Administrators and IT teams can get a high-level view of the Cloudera Data Warehouse (CDW) service components and how they are integrated within the CDP stack.

The CDW service is composed of Database Catalogs (storage prepared for use with a Virtual Warehouse) and Virtual Warehouses (compute environments that can access a Database Catalog) and they are decoupled by design. Multiple Virtual Warehouses of differing sizes and types can be configured to operate on the same Database Catalog, providing workload diversity and isolation on the same data at the same time.

This service architecture diagram shows the components of the CDW public cloud service, its deployment in the public cloud environment, and how they interact with other services and components of the CDP stack.

Database Catalog

A Database Catalog is a logical collection of table and view metadata, security permissions, and other information.

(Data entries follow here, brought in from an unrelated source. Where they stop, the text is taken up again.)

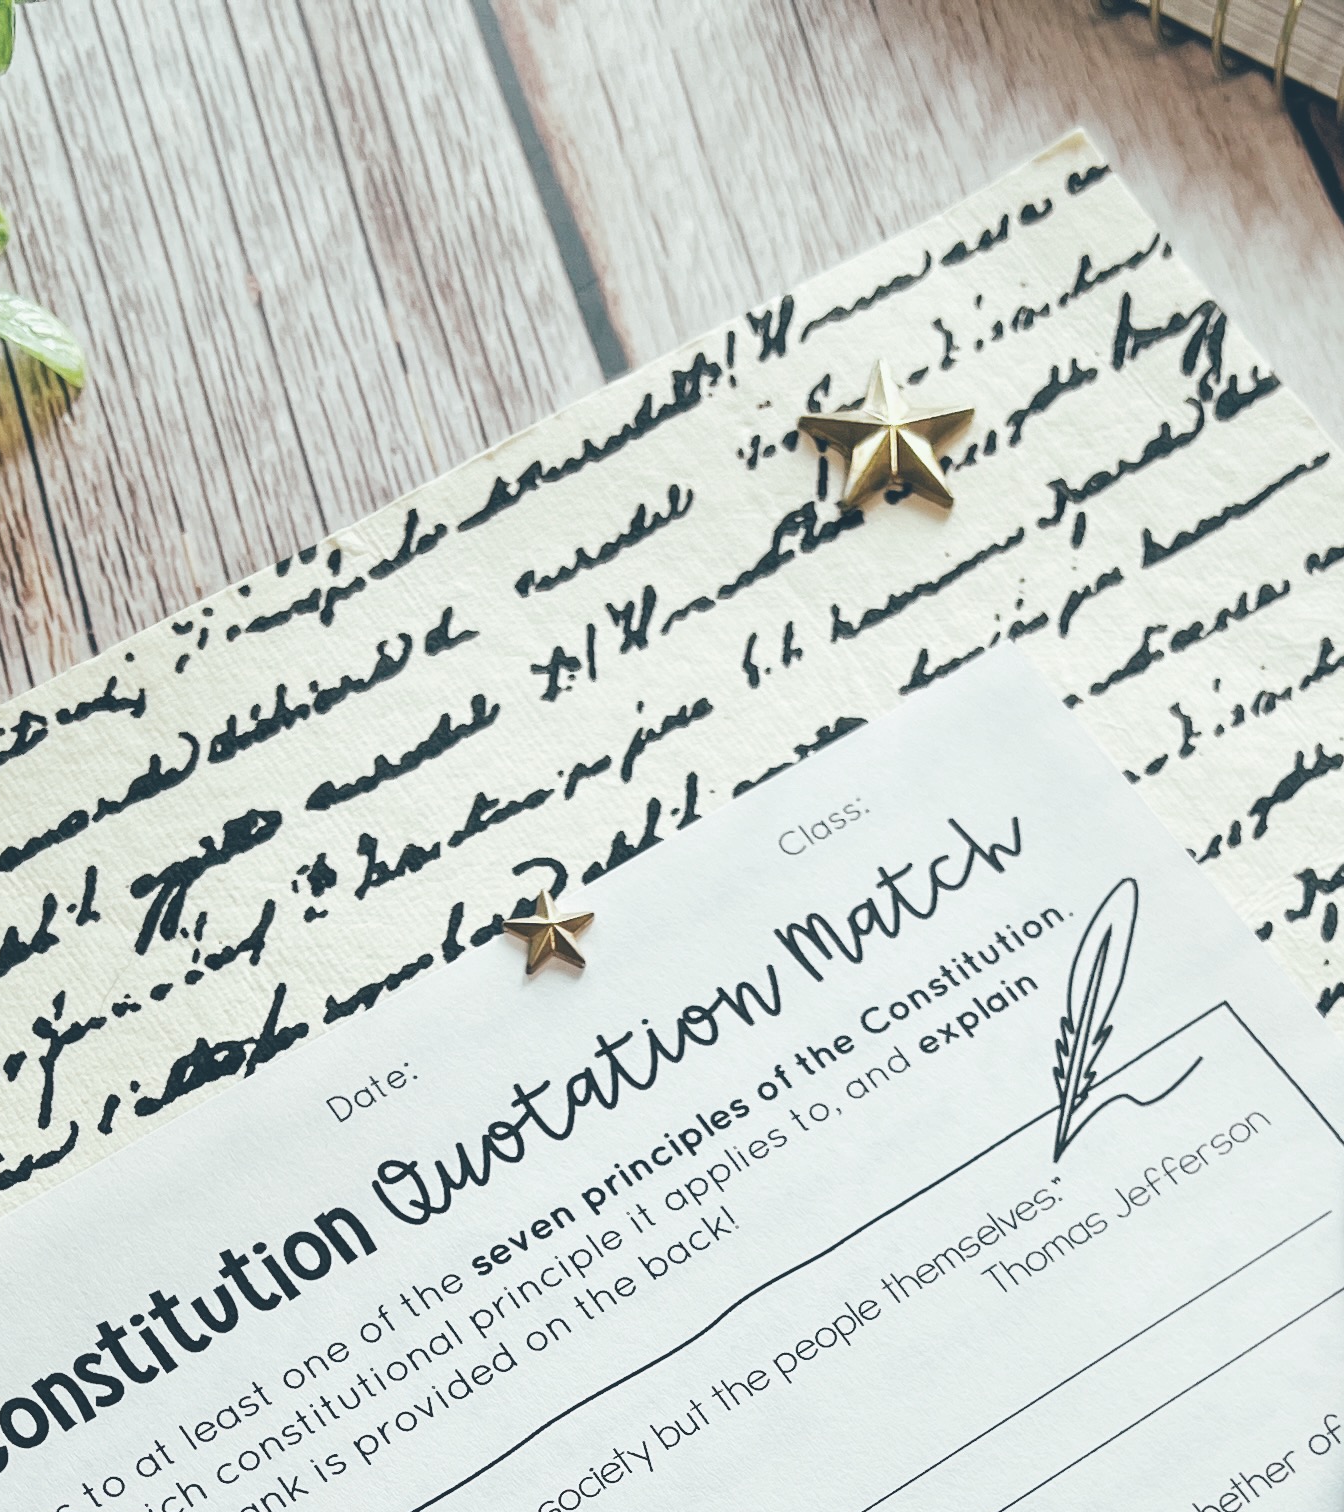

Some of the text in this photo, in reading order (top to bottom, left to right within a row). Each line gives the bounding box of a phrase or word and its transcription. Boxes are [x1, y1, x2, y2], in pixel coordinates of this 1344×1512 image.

[777, 796, 871, 857] Class:
[324, 1061, 419, 1124] Date:
[370, 963, 783, 1227] Quotation
[771, 815, 1023, 984] Match
[80, 1475, 127, 1509] to
[135, 1438, 176, 1479] at
[177, 1380, 274, 1452] least
[282, 1341, 351, 1390] one
[359, 1303, 397, 1344] of
[398, 1272, 464, 1318] the
[470, 1206, 577, 1277] seven
[580, 1097, 751, 1217] principles
[756, 1063, 794, 1102] of
[793, 1033, 856, 1077] the
[859, 907, 1075, 1035] Constitution.
[215, 1318, 464, 1485] constitutional
[468, 1229, 624, 1340] principle
[625, 1202, 657, 1235] it
[663, 1127, 789, 1212] applies
[788, 1101, 843, 1132] to,
[845, 1044, 912, 1100] and
[917, 975, 1040, 1055] explain
[979, 1110, 1273, 1294] Thomas Jefferson
[308, 1452, 348, 1484] is
[352, 1341, 519, 1467] provided
[525, 1317, 573, 1353] on
[572, 1275, 638, 1321] the
[636, 1204, 741, 1282] back!
[648, 1398, 711, 1451] but
[710, 1368, 772, 1412] the
[771, 1298, 883, 1385] people
[1307, 1413, 1342, 1457] of

Behind each Database Catalog is a Hive metastore (HMS) that collects your definitions about data in cloud storage. An object store in a secure data lake contains all the actual data for your environment. A Database Catalog includes transient user and workload contexts from the Virtual Warehouse and governance artifacts that support functions such as auditing. Multiple Virtual Warehouses can query a Database Catalog.

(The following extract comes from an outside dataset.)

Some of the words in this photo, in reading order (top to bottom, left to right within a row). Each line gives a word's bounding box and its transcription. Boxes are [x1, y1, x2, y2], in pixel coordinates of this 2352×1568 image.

When you activate an environment from the Data Warehouse, a Database Catalog is created automatically and named after your environment. The environment shares a default HMS with services, such as Cloudera Data Engineering (CDE), CDW, Cloudera Machine Learning (CML) to some extent, and Data Hub templates, such as Data Mart. Consequently, the same objects and data sets are accessible from CDW or any Data Hubs created in the environment by virtue of using the same HMS. Queries and query history saved in the Hue database are stored in the Database Catalog and not deleted when you delete a Virtual Warehouse.

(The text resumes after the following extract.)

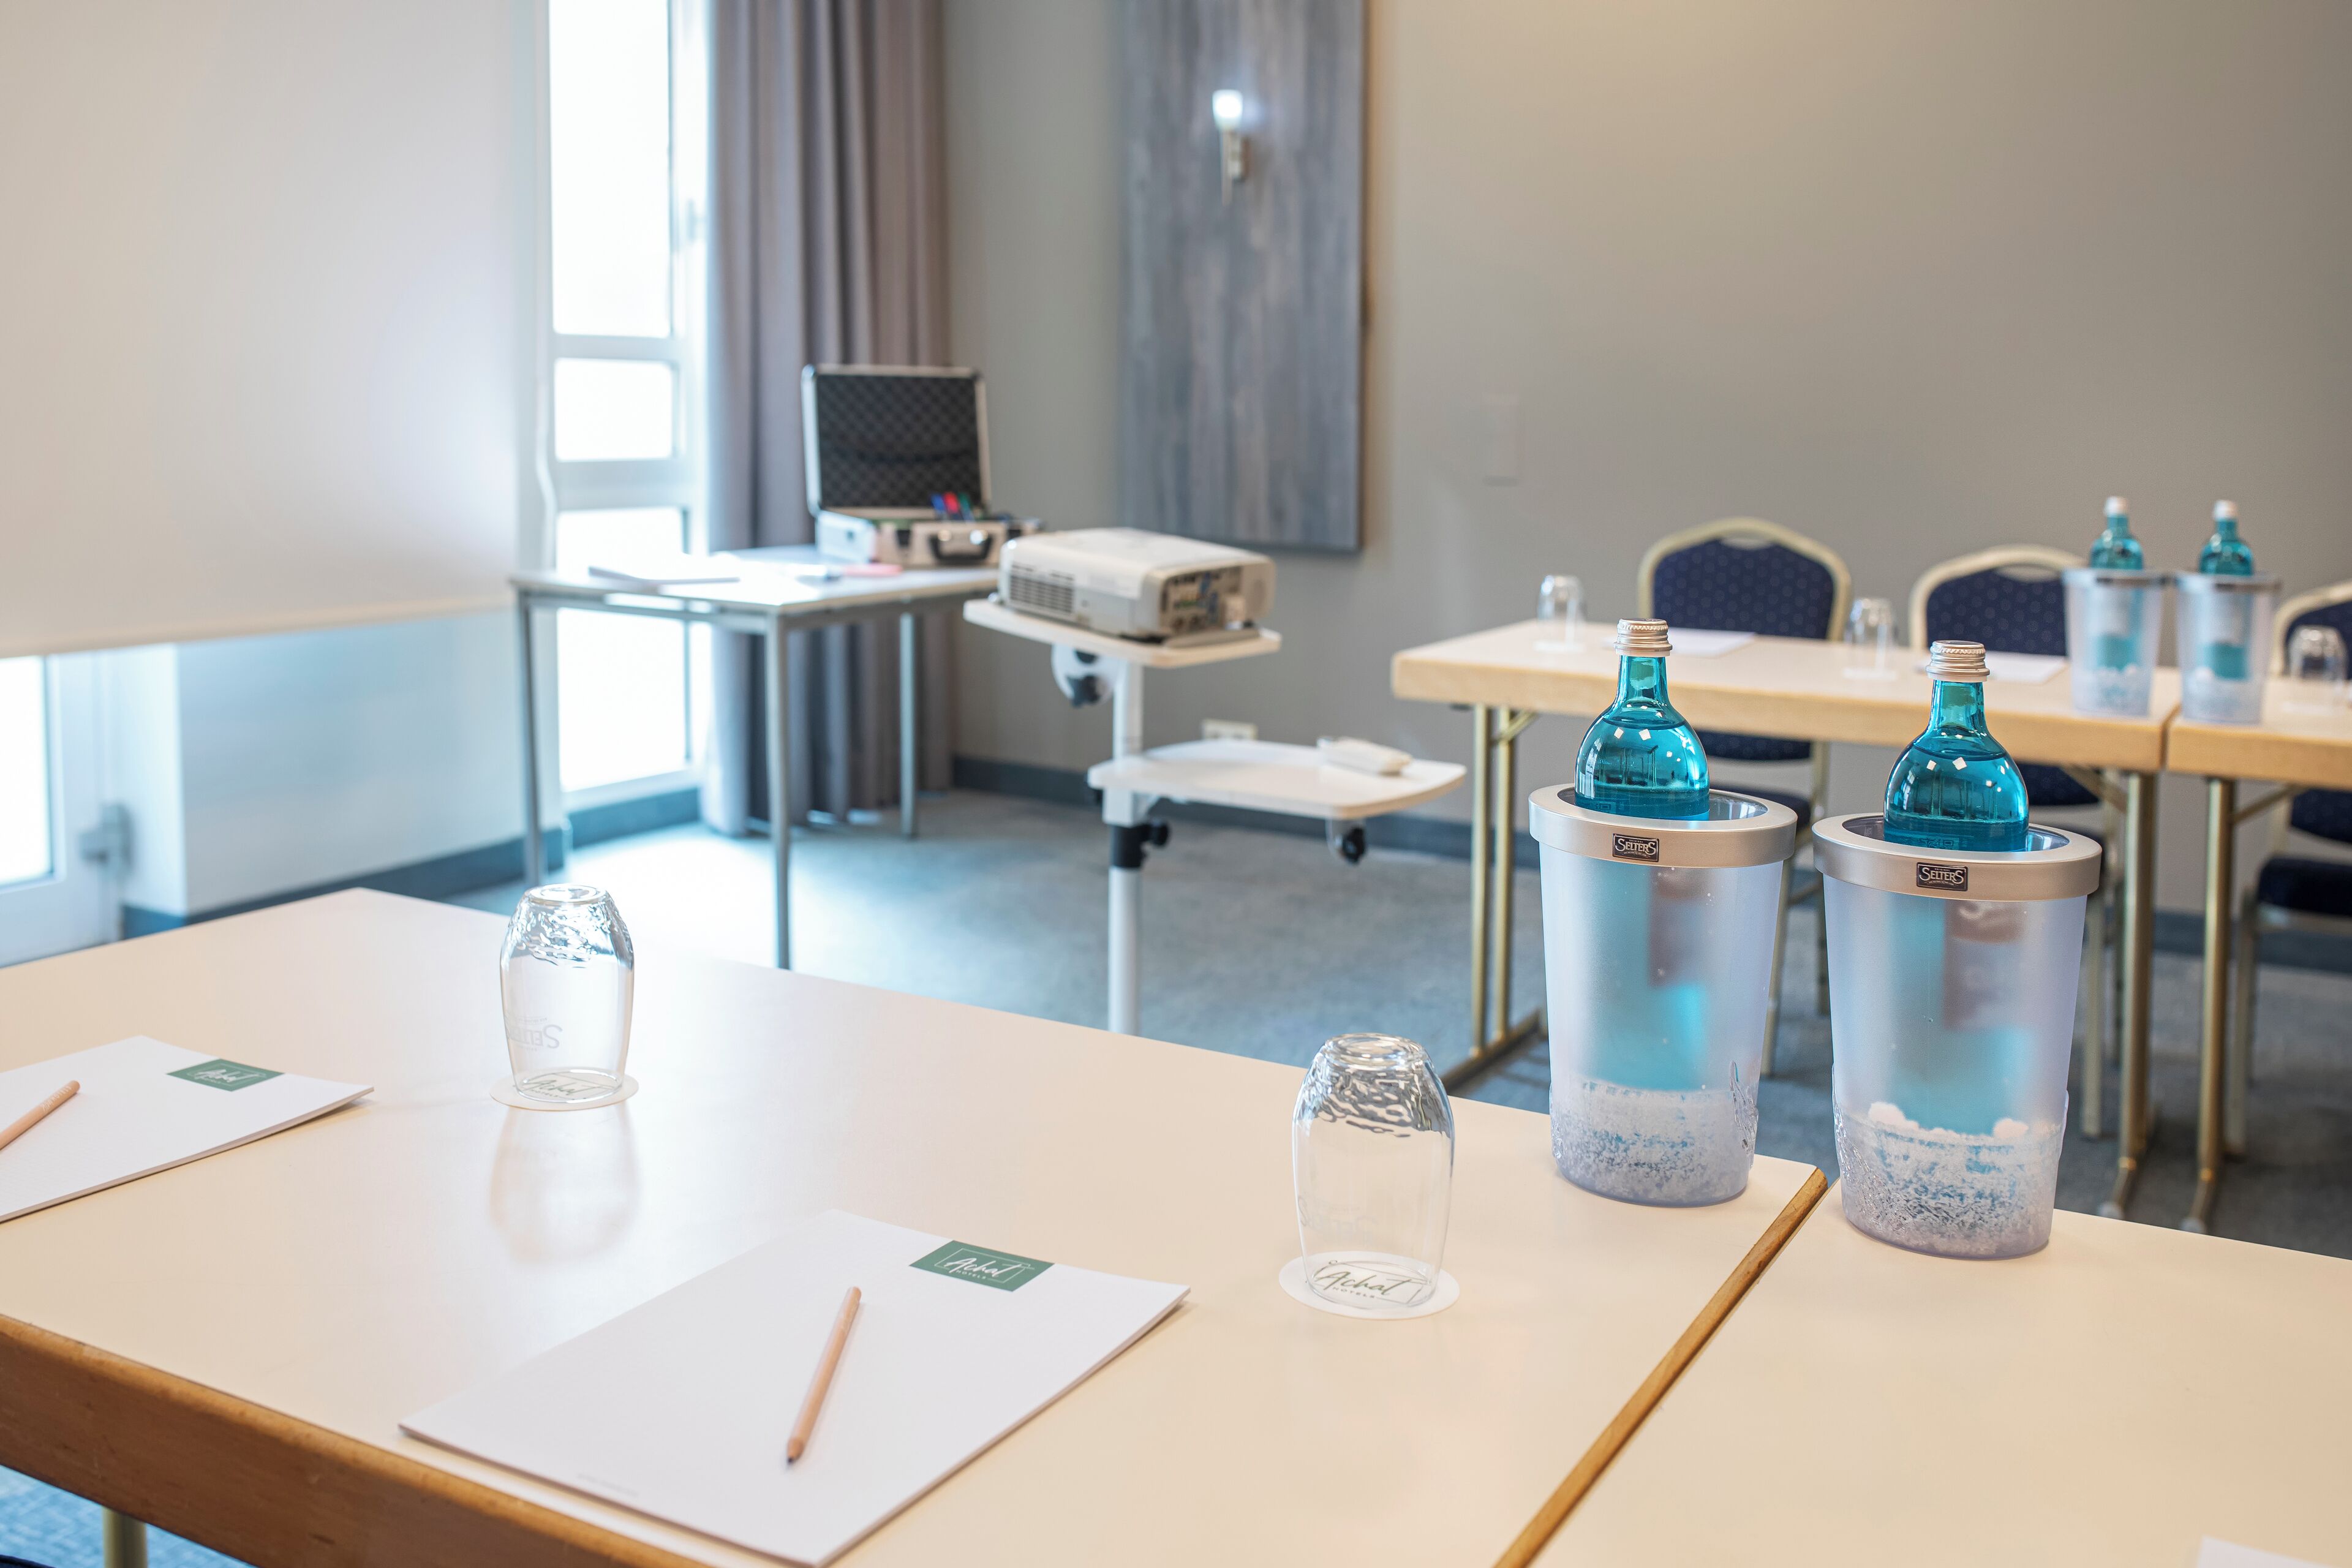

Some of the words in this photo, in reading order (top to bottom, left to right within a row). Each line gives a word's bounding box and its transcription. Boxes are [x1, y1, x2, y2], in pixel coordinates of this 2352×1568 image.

You can load demo data to use in Hue when you add a non-default Database Catalog to your environment.

Virtual Warehouses

A Virtual Warehouse is an instance of compute resources running in Kubernetes to execute the queries. From a Virtual Warehouse, you access tables and views of your data in a Database Catalog's Data Lake. Virtual Warehouses bind compute and storage by executing authorized queries on tables and views through the Database Catalog. Virtual Warehouses can scale automatically, and ensure performance even with high concurrency. All JDBC/ODBC compliant tools connect to the virtual warehouse to run queries. Virtual Warehouses also expose HS2-compatible endpoints for CLI tools such as Beeline, Impala-Shell, and Impyla.

Data Visualization

In addition to Database Catalogs and Virtual Warehouses that you use to access your data, CDW integrates Data Visualization for building graphic representations of data, dashboards, and visual applications based on CDW data, or other data sources you connect to. You, and authorized users, can explore data across the entire CDP data lifecycle using graphics, such as pie charts and histograms. You can arrange visuals on a dashboard for collaborative analysis.